As shown in Figure 1, this is currently worth 34c/kg, having been as high as 53c/kg when the beef price was much lower back in November 2022.
This means that in the first week of March when the R3 steer price was €6.95/kg excluding VAT, 34c/kg of that is generated by offal value.
Back in November 2022, the value of offal in the overall beef price was proportionally greater.
Then the reported R3 steer price was €4.51/kg, with offal generating 54c/kg of value.
As with cuts of beef, the wholesale value received by factories when selling fluctuates over time.
Exports
While historically Irish consumers bought liver and kidneys, very little offal of any type is now sold in the home market. Most is exported and, unlike beef cuts, the main market isn’t the UK, but mainland Europe plus African and Asian markets.
In 2025, the value of Irish beef offal exports was €151.5m.
As Figure 2 shows, the value of offal exports is now significantly lower than a decade ago when they were worth almost €226m with most of the decline taking place over the past five years.
This contrasts sharply with the value of beef exports, which have increased progressively from €1.766bn in 2015 to €3.259bn last year, an 85% increase.
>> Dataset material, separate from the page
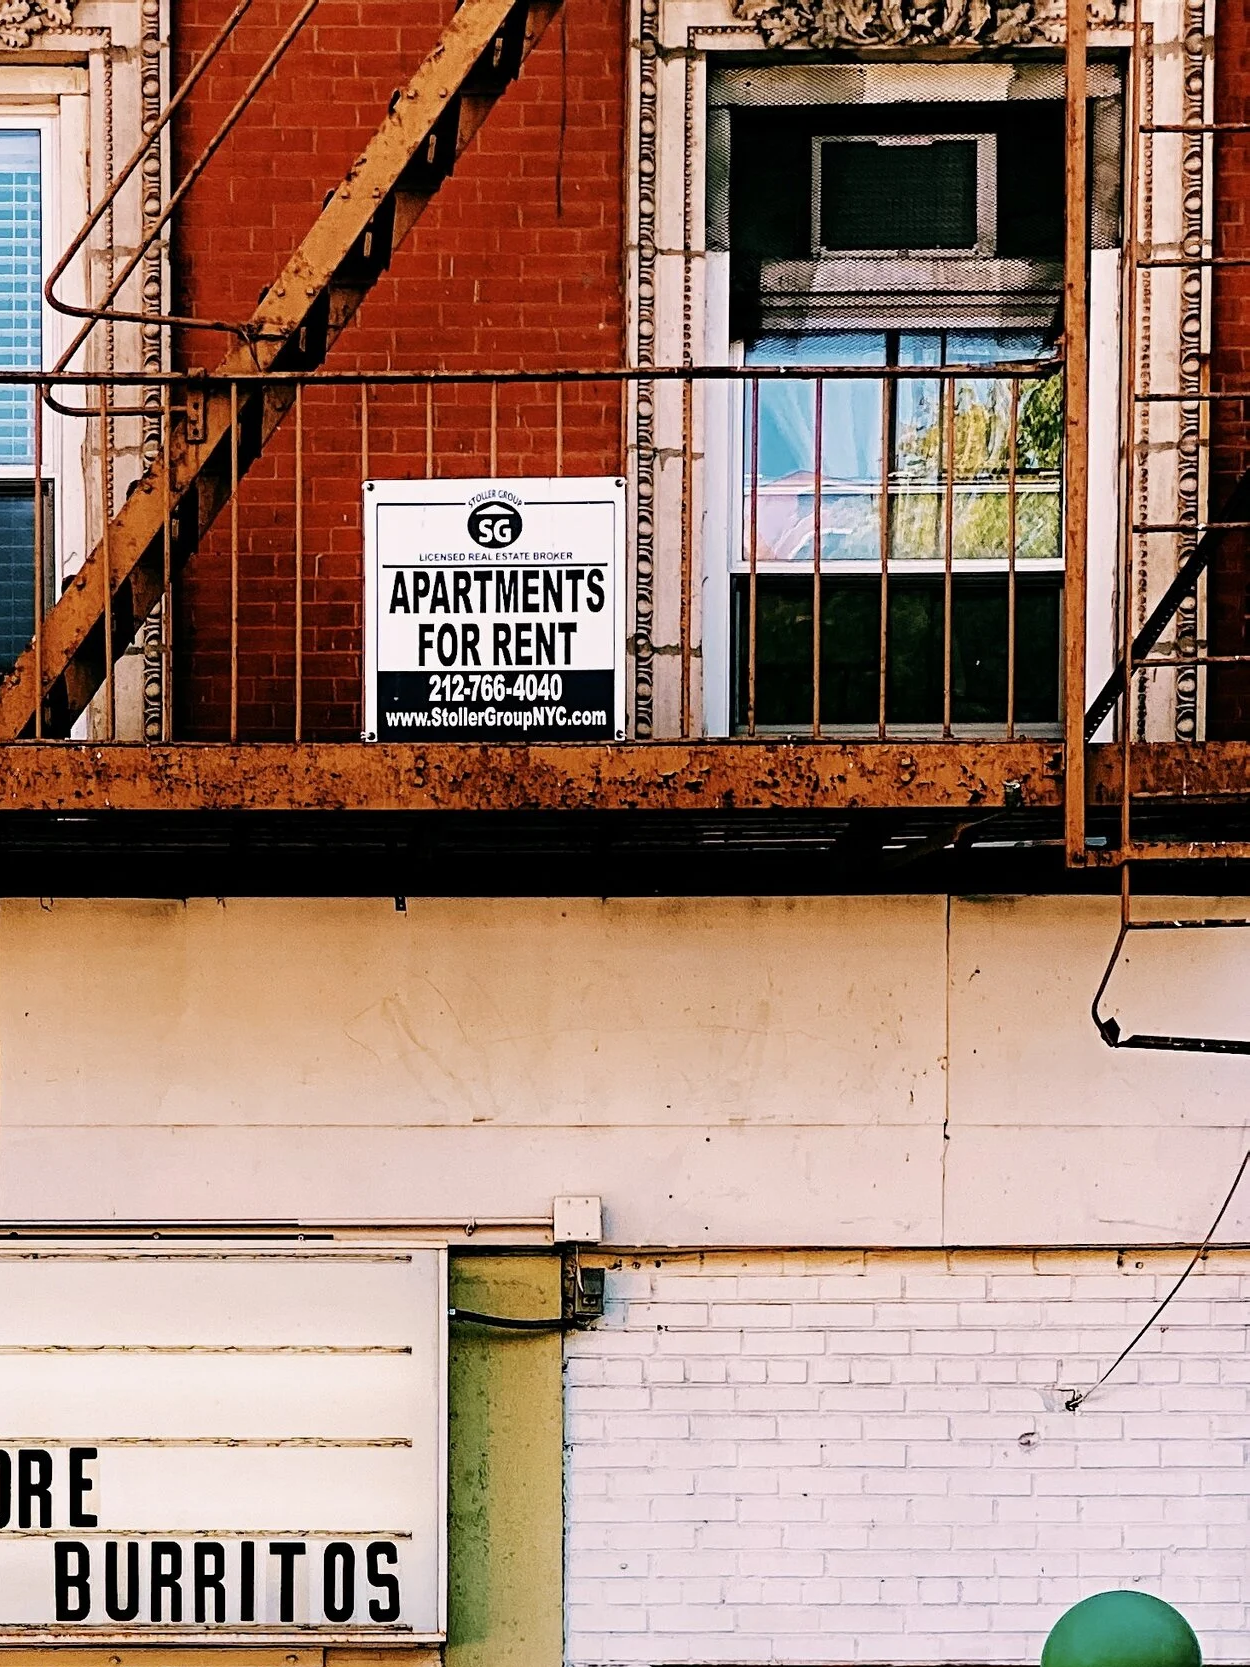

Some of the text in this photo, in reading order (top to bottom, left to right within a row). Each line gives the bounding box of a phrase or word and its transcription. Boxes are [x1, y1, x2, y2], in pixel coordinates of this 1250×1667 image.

How factories work out the price
Beef processing is the reverse of the usual factory assembly line, where various component parts are assembled together to create a finished product.
Similarly in food processing, whether it is making a cake or a beverage, ingredients are blended and a single item is the end result.
However, beef processing involves starting with an animal and disassembling it into a multitude of individual parts, and then selling each one for its maximum value.
It is the ability to anticipate how much each individual component part will realise in the market that determines the profitability of a beef factory.
It is rare for each individual part of the anim offal and hides, to perform consistently.
For example, in periods of warm, sunny weather, the demand for steak meat can outstrip all other cuts of beef, while in winter it is often the steak meat that is left behind in stores when all other cuts of beef are sold.
A poor-performing market for steak meat from the start of this year has been widely blamed by beef factories for their reduction in prices paid to farmers for cattle.
The value of the beef animal to the factory is calculated by the combined sales of all the component parts that make up the animal delivered to the factory by farmers.
Everything from the head to the tail has either a value to the factory or a cost, as is the case with disposal of the stomach contents and brain since BSE became an issue in the 1990s.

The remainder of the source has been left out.